What you should do
Take the listing and print it in full, exactly as given.

'''

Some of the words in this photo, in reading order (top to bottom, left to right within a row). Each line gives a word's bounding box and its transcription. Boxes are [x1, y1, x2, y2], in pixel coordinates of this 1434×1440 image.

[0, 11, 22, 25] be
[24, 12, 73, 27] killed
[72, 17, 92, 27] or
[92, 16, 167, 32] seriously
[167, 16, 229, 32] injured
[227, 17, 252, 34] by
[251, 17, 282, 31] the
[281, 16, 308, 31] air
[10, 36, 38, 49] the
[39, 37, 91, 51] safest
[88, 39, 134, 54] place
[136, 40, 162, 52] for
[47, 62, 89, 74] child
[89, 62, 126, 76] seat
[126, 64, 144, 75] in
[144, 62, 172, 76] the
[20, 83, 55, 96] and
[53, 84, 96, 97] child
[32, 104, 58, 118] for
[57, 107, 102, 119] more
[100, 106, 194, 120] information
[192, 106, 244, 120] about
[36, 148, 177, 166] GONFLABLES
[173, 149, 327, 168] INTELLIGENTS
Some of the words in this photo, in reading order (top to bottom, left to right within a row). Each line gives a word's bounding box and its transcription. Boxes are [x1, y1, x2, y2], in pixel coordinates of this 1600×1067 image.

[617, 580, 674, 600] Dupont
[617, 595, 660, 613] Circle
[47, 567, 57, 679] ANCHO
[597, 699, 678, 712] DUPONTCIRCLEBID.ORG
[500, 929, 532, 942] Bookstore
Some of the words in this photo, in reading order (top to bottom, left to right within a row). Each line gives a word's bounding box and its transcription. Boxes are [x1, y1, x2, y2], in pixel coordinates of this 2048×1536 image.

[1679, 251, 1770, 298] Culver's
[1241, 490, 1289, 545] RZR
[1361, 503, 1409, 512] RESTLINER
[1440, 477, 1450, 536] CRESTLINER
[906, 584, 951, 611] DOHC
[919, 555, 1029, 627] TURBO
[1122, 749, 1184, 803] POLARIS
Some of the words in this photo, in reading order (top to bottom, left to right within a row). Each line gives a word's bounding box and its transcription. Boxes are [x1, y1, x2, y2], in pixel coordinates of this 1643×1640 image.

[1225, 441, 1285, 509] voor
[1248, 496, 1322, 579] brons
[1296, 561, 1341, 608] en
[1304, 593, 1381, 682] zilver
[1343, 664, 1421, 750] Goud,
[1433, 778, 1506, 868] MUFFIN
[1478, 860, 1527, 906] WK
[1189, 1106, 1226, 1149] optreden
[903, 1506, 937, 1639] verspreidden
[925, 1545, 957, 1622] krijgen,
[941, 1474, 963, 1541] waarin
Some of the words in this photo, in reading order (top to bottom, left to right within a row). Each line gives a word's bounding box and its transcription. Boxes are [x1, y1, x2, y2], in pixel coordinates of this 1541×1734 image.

'''

Output of the exercise
Some of the words in this photo, in reading order (top to bottom, left to right within a row). Each line gives a word's bounding box and its transcription. Boxes are [x1, y1, x2, y2], in pixel coordinates of this 1434×1440 image.

[0, 11, 22, 25] be
[24, 12, 73, 27] killed
[72, 17, 92, 27] or
[92, 16, 167, 32] seriously
[167, 16, 229, 32] injured
[227, 17, 252, 34] by
[251, 17, 282, 31] the
[281, 16, 308, 31] air
[10, 36, 38, 49] the
[39, 37, 91, 51] safest
[88, 39, 134, 54] place
[136, 40, 162, 52] for
[47, 62, 89, 74] child
[89, 62, 126, 76] seat
[126, 64, 144, 75] in
[144, 62, 172, 76] the
[20, 83, 55, 96] and
[53, 84, 96, 97] child
[32, 104, 58, 118] for
[57, 107, 102, 119] more
[100, 106, 194, 120] information
[192, 106, 244, 120] about
[36, 148, 177, 166] GONFLABLES
[173, 149, 327, 168] INTELLIGENTS
Some of the words in this photo, in reading order (top to bottom, left to right within a row). Each line gives a word's bounding box and its transcription. Boxes are [x1, y1, x2, y2], in pixel coordinates of this 1600×1067 image.

[617, 580, 674, 600] Dupont
[617, 595, 660, 613] Circle
[47, 567, 57, 679] ANCHO
[597, 699, 678, 712] DUPONTCIRCLEBID.ORG
[500, 929, 532, 942] Bookstore
Some of the words in this photo, in reading order (top to bottom, left to right within a row). Each line gives a word's bounding box and its transcription. Boxes are [x1, y1, x2, y2], in pixel coordinates of this 2048×1536 image.

[1679, 251, 1770, 298] Culver's
[1241, 490, 1289, 545] RZR
[1361, 503, 1409, 512] RESTLINER
[1440, 477, 1450, 536] CRESTLINER
[906, 584, 951, 611] DOHC
[919, 555, 1029, 627] TURBO
[1122, 749, 1184, 803] POLARIS
Some of the words in this photo, in reading order (top to bottom, left to right within a row). Each line gives a word's bounding box and its transcription. Boxes are [x1, y1, x2, y2], in pixel coordinates of this 1643×1640 image.

[1225, 441, 1285, 509] voor
[1248, 496, 1322, 579] brons
[1296, 561, 1341, 608] en
[1304, 593, 1381, 682] zilver
[1343, 664, 1421, 750] Goud,
[1433, 778, 1506, 868] MUFFIN
[1478, 860, 1527, 906] WK
[1189, 1106, 1226, 1149] optreden
[903, 1506, 937, 1639] verspreidden
[925, 1545, 957, 1622] krijgen,
[941, 1474, 963, 1541] waarin
Some of the words in this photo, in reading order (top to bottom, left to right within a row). Each line gives a word's bounding box and its transcription. Boxes are [x1, y1, x2, y2], in pixel coordinates of this 1541×1734 image.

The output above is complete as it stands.